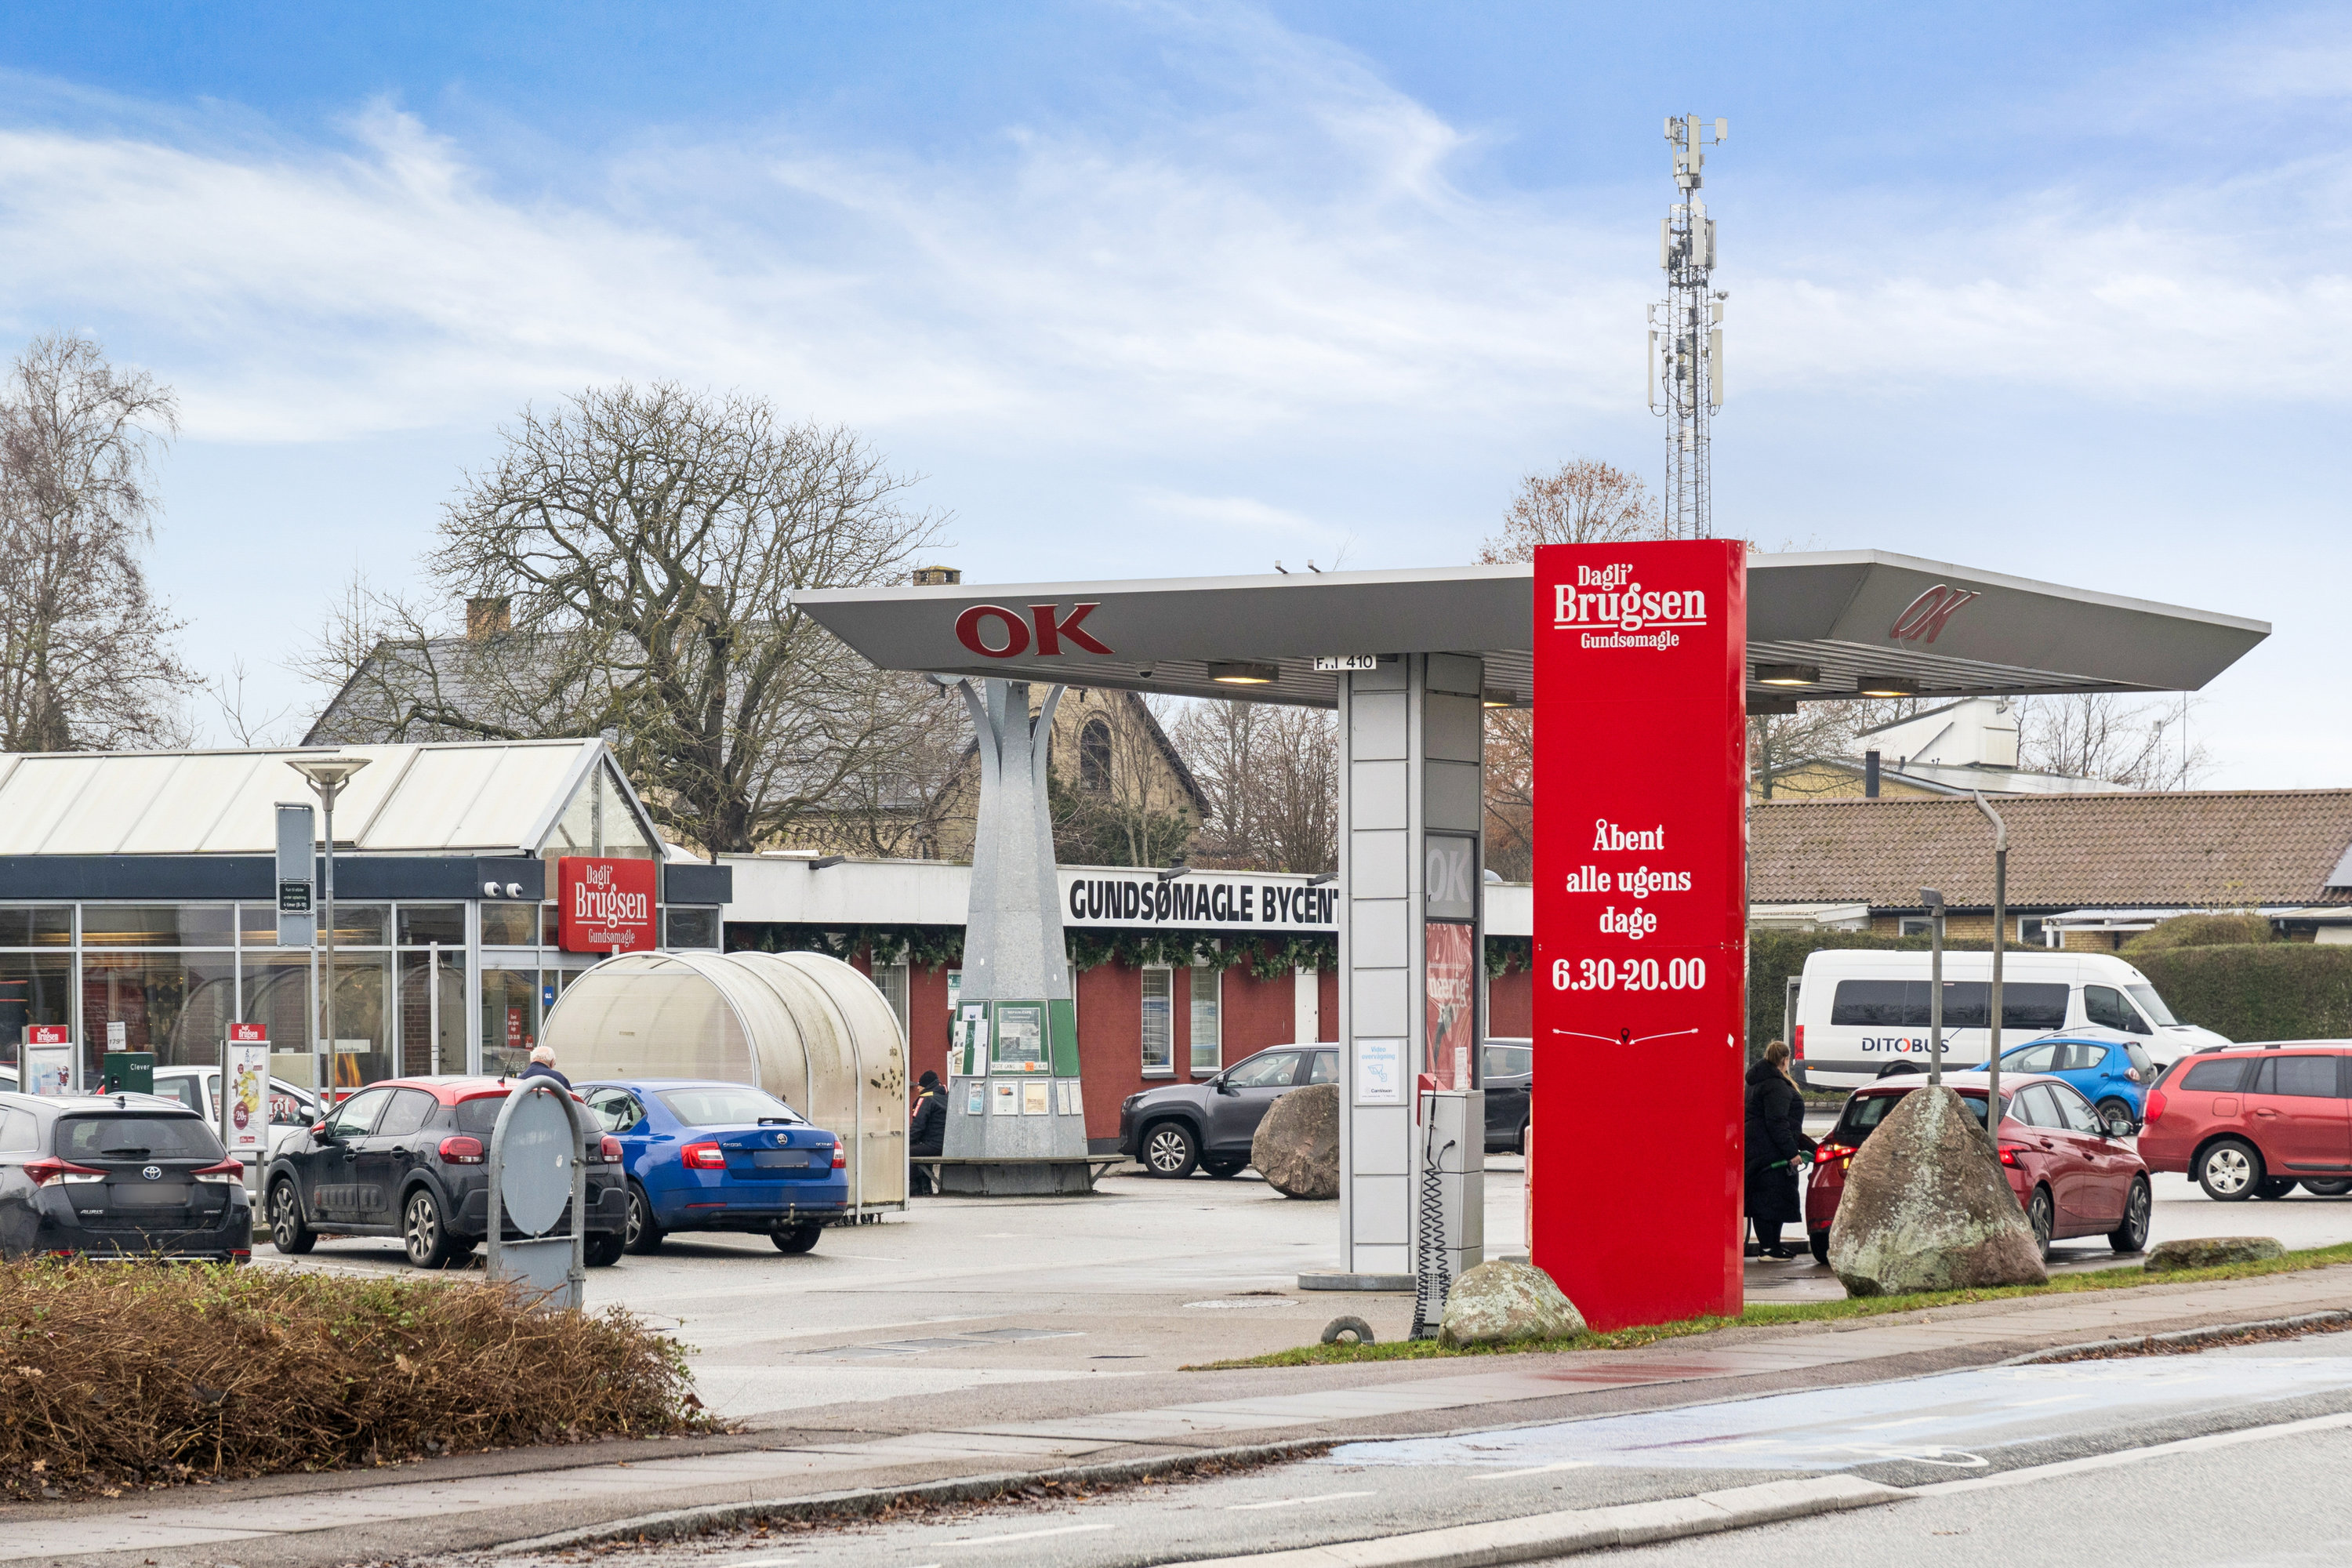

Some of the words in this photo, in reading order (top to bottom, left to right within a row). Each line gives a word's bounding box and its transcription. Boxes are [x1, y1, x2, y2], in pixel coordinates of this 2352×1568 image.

[1554, 583, 1707, 631] Brugsen
[1889, 583, 1981, 644] OK
[954, 602, 1116, 658] OK
[1581, 630, 1679, 652] Gundsømagle
[1346, 655, 1373, 668] 410
[1592, 818, 1664, 851] Åbent
[1426, 848, 1471, 902] OK
[1566, 866, 1611, 892] alle
[1617, 866, 1692, 898] ugens
[575, 882, 648, 928] Brugsen
[1069, 879, 1254, 924] GUNDSØMAGLE
[1599, 906, 1657, 940] dage
[1552, 957, 1706, 991] 6.30-20.00
[37, 1032, 59, 1043] Brugsen
[238, 1029, 258, 1040] Brugsen
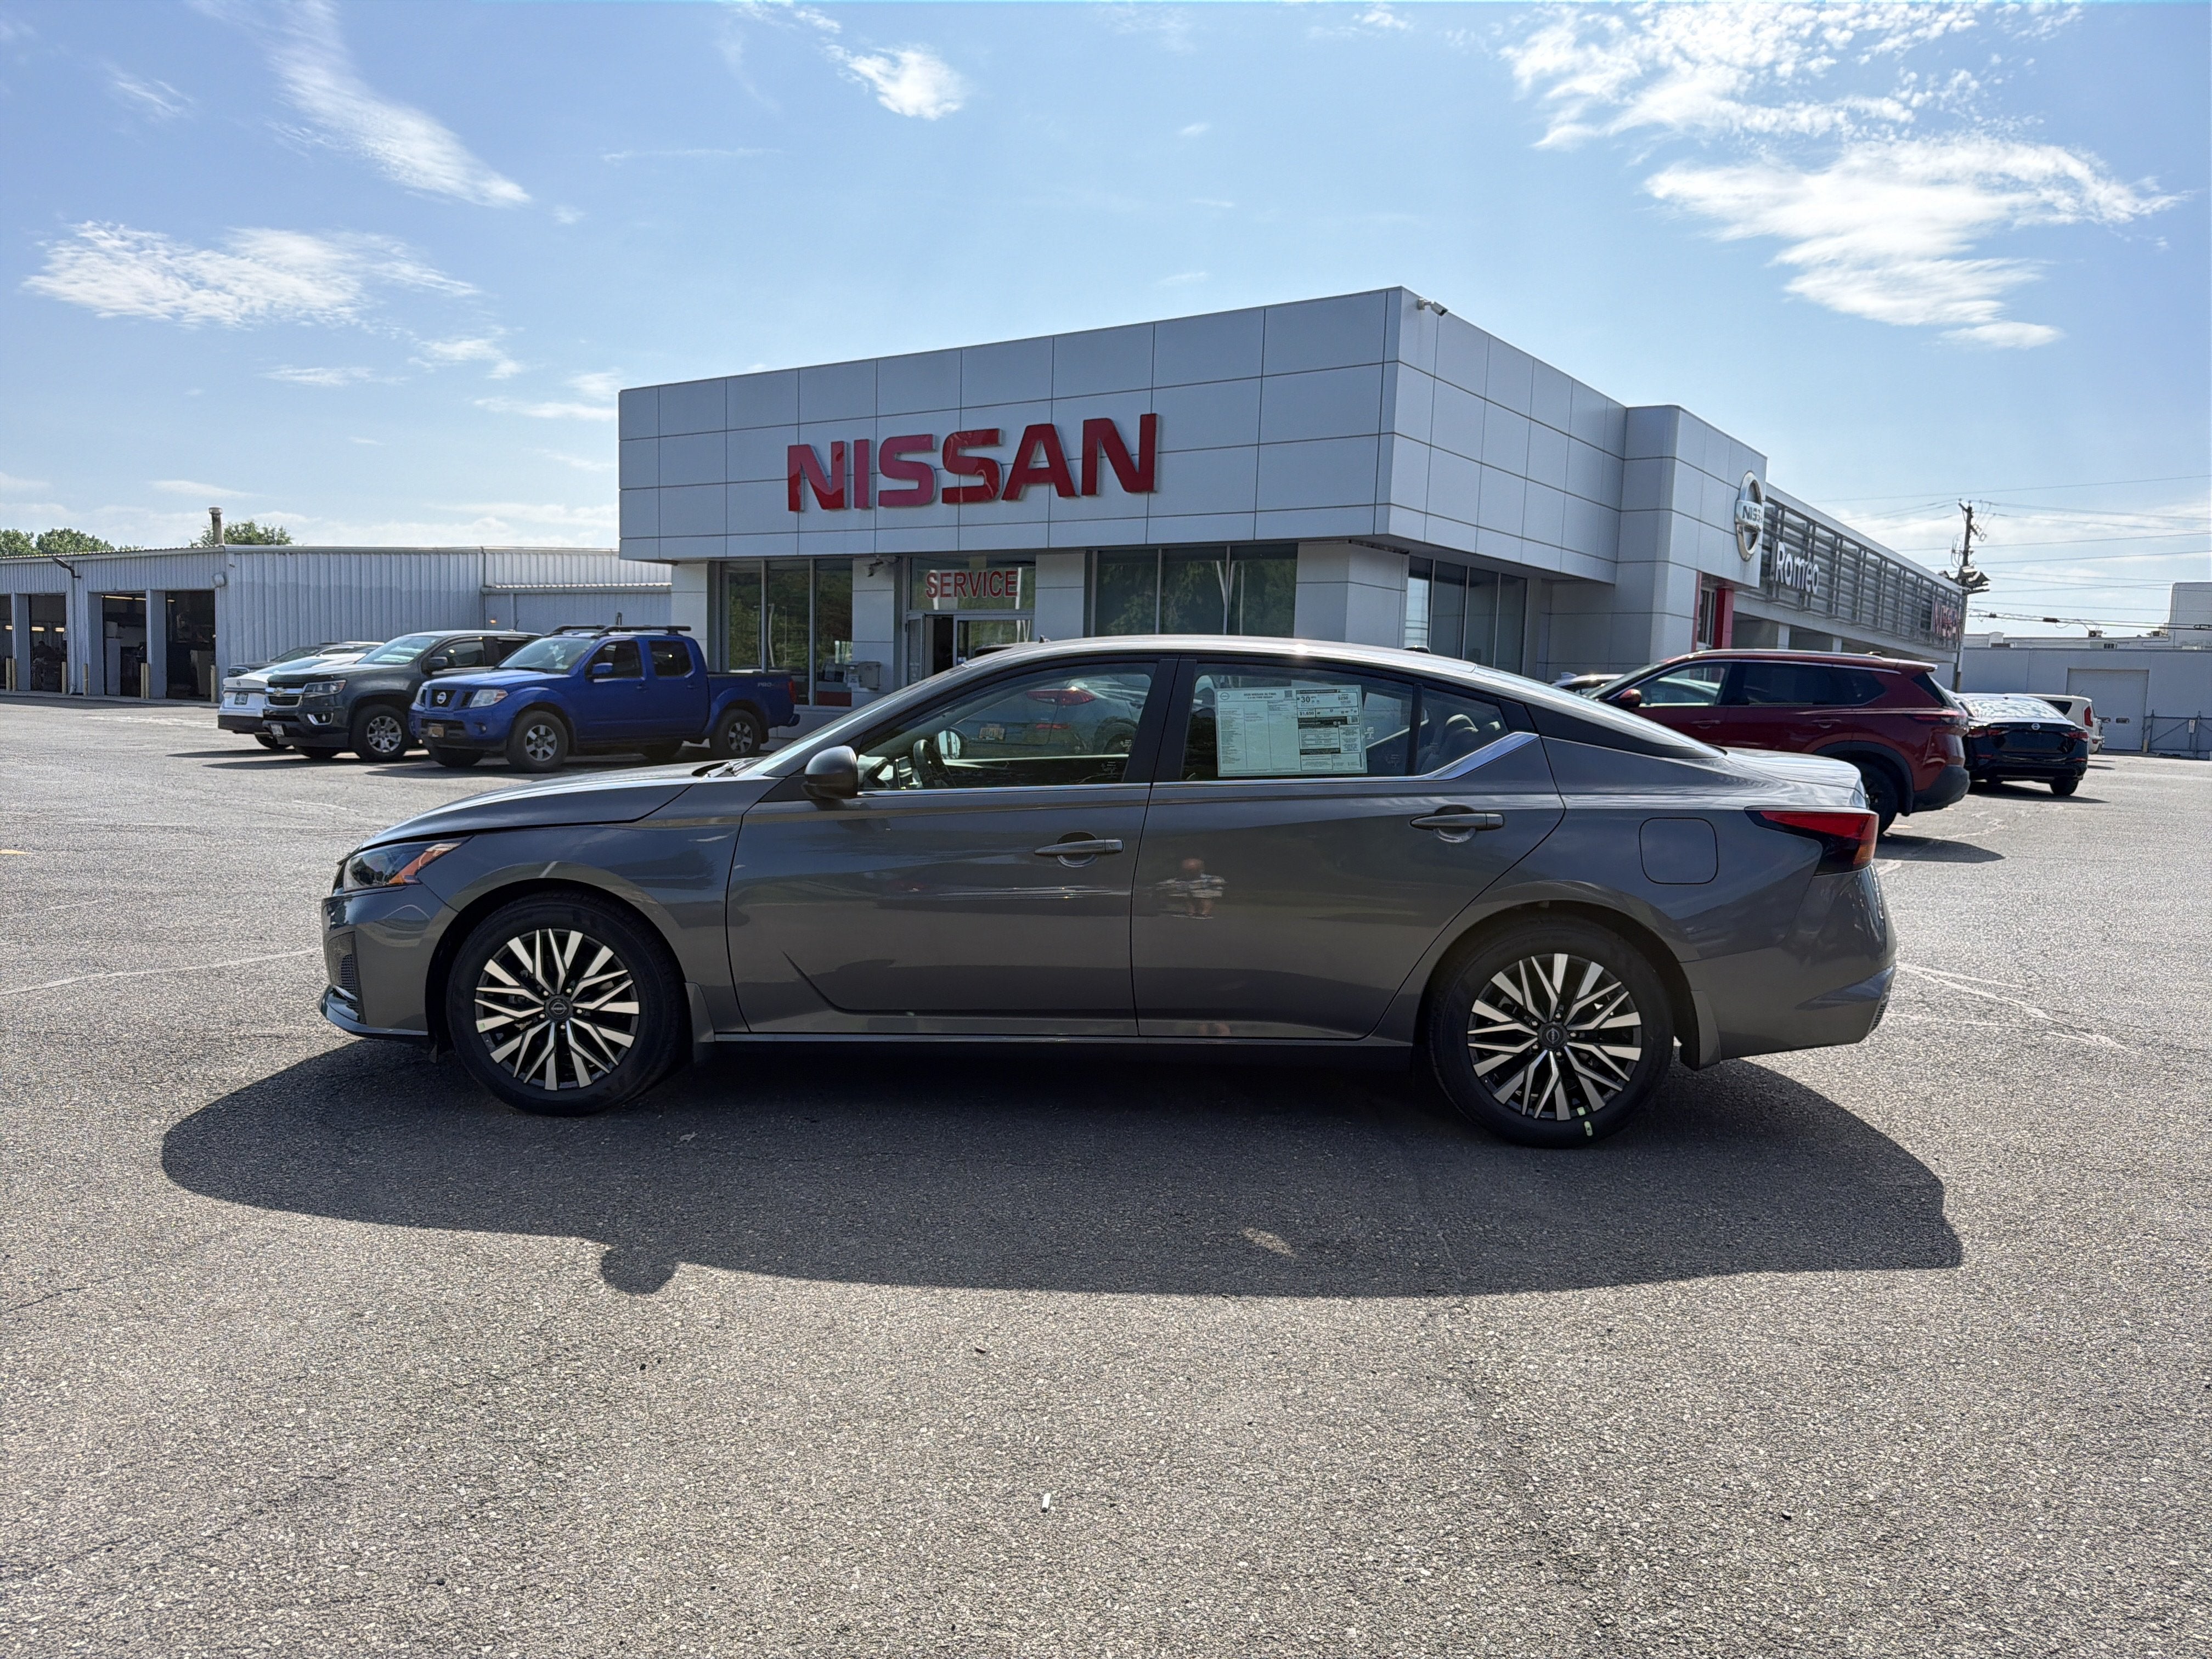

### Exercise directions
Reproduce each line of the records exactly and exclude any images.

### Response area
Some of the words in this photo, in reading order (top to bottom, left to right within a row). Each line gives a word's bounding box and its transcription. Boxes are [x1, y1, x2, y2], in pixel coordinates of this 2352×1568 image.

[1554, 583, 1707, 631] Brugsen
[1889, 583, 1981, 644] OK
[954, 602, 1116, 658] OK
[1581, 630, 1679, 652] Gundsømagle
[1346, 655, 1373, 668] 410
[1592, 818, 1664, 851] Åbent
[1426, 848, 1471, 902] OK
[1566, 866, 1611, 892] alle
[1617, 866, 1692, 898] ugens
[575, 882, 648, 928] Brugsen
[1069, 879, 1254, 924] GUNDSØMAGLE
[1599, 906, 1657, 940] dage
[1552, 957, 1706, 991] 6.30-20.00
[37, 1032, 59, 1043] Brugsen
[238, 1029, 258, 1040] Brugsen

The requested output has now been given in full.